745 F.3d 1135
11th Cir.2014Background
- DEA investigated Mexican drug trafficking organization distributing coke/heroin in Atlanta and smuggling cash to Mexico; eleven charged in 2010 with conspiracy, drug, and money laundering offenses; Salgado convicted on three counts at trial; PSR used §2S1.1 for base offense level via money laundering despite underlying drug conspiracy; Application Note 2(C) directs adjustments to be based on money laundering offense; district court denied Salgado’s money laundering adjustments while applying other adjustments; this appeal challenges misapplication and the court vacates/remands for new calculation.
- Salgado’s charges included conspiracy to distribute drugs, conspiracy to launder money, and possession with intent to distribute heroin; evidence showed involvement in brokered heroin deal and arranging mechanism to transport money; jury found Salgado guilty on all counts; PSR grouped offenses under §3D1.2(c) and used §2S1.1 to determine base offense level; Salgado objected to drug quantity and to role/money-laundering adjustments.
- District court sustained drug-quantity objection but not role adjustments; court treated Salgado’s role in money laundering as not warranting separate adjustments; the court’s final guideline range was 188-235 months; Salgado requested downward variance based on minor role in conspiracies and codefendants’ sentences; Salgado was sentenced at bottom of range.
- Application Note 2(C) of §2S1.1 provides that Chapter Three adjustments for money laundering must be based on the money-laundering offense, not underlying drug conspiracy; district court’s calculation violated this when it considered underlying conspiracy for a role enhancement; court should remand to recalculate offense levels under §3D1.3(a) using §2S1.1(a)(1) as the basis; decision affirms conviction but vacates sentence for remand.
Issues
| Issue | Plaintiff's Argument | Defendant's Argument | Held |
|---|---|---|---|
| Whether Application Note 2(C) governs adjustments in money-laundering sentencing | Salgado: conduct in money laundering controls adjustments | Government: underlying drug conduct may inform counts but adjustments must follow Note 2(C) | Remand for re-calculation under Note 2(C) |
Key Cases Cited
- United States v.
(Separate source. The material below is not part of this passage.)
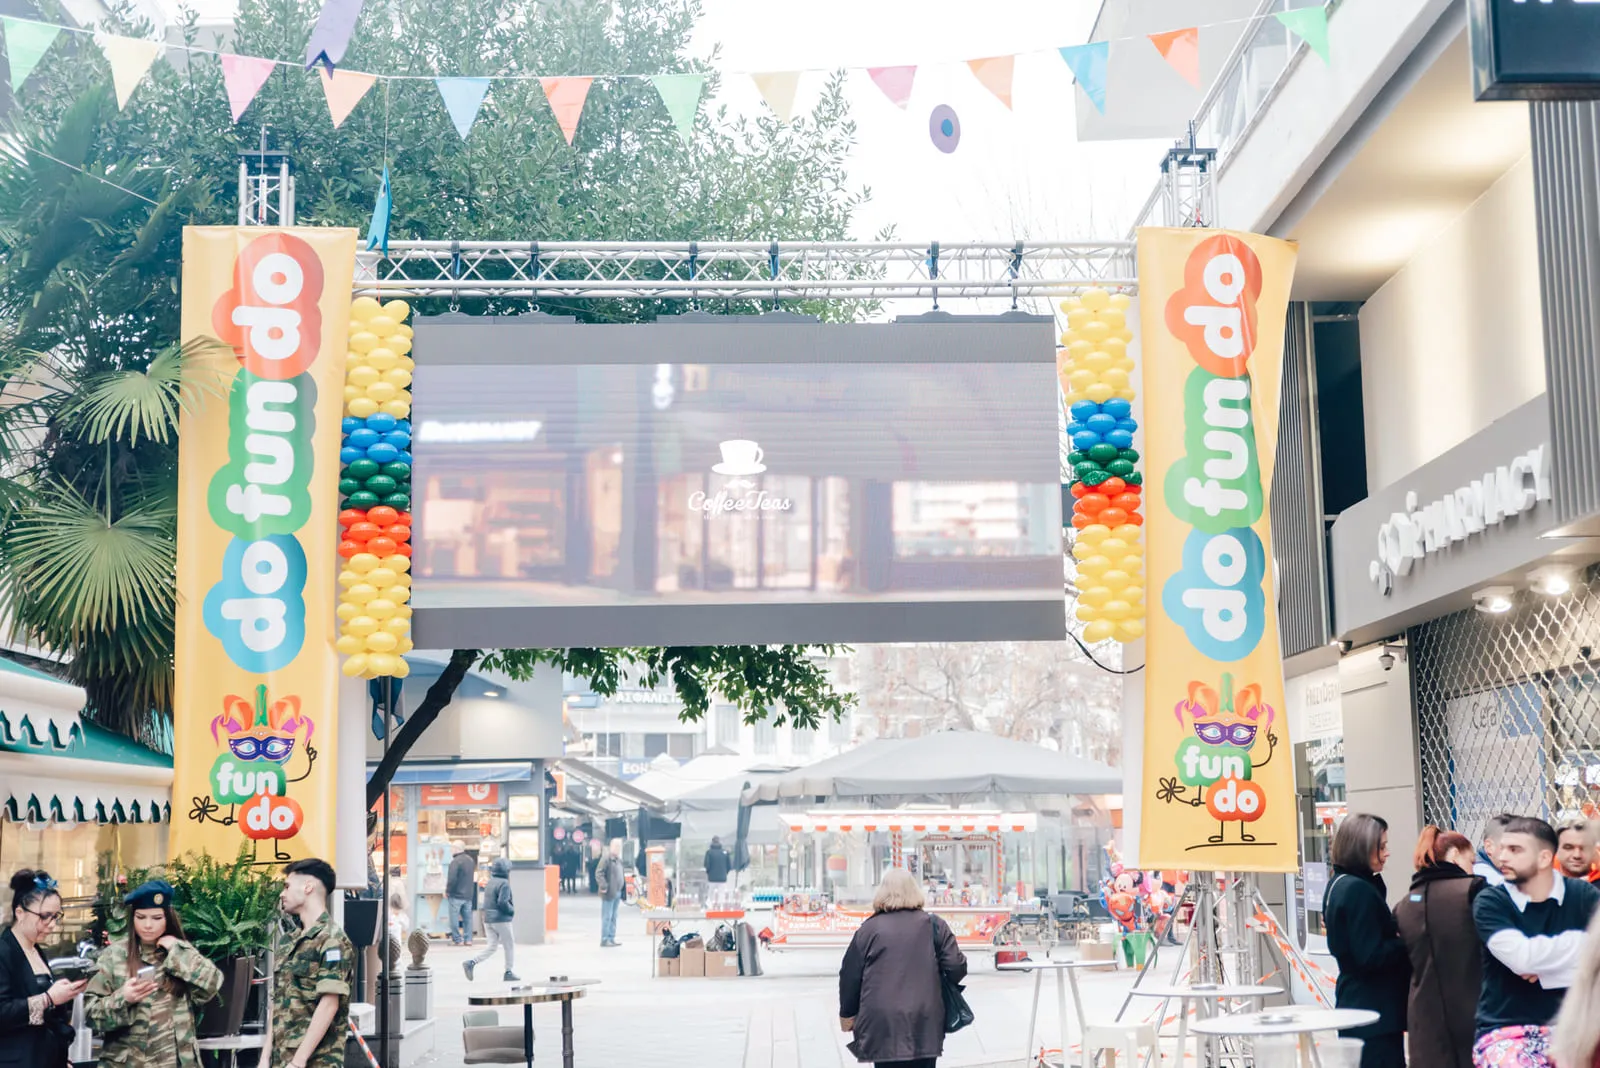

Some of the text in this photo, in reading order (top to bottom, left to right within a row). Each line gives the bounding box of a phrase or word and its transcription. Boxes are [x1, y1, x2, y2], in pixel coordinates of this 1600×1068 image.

Rushton, 738 F.3d 854 (7th Cir. 2013) (grouping and offense-level calculations for related counts emphasized under §3D1.3(a))
- United States v. Anderson, 526 F.3d 319 (6th Cir. 2008) (Note 2(C) bars drug-conspiracy-based adjustments for money-laundering calculations)
- United States v. Keck, 643 F.3d 789 (10th Cir. 2011) (Note 2(C) governs adjustments in money-laundering cases, not drug-offense guidelines)
- United States v. Byors, 586 F.3d 222 (2d Cir. 2009) (applies Note 2(C) in obstructions/adjustments context for money laundering)
- United States v. Cruzado-Laureano, 440 F.3d 44 (1st Cir. 2006) (note 2(C) applicable guidance in money-laundering context)
- United States v. Ndiaye, 434 F.3d 1270 (11th Cir. 2006) (role/adjustments framework in drug offenses with related charges)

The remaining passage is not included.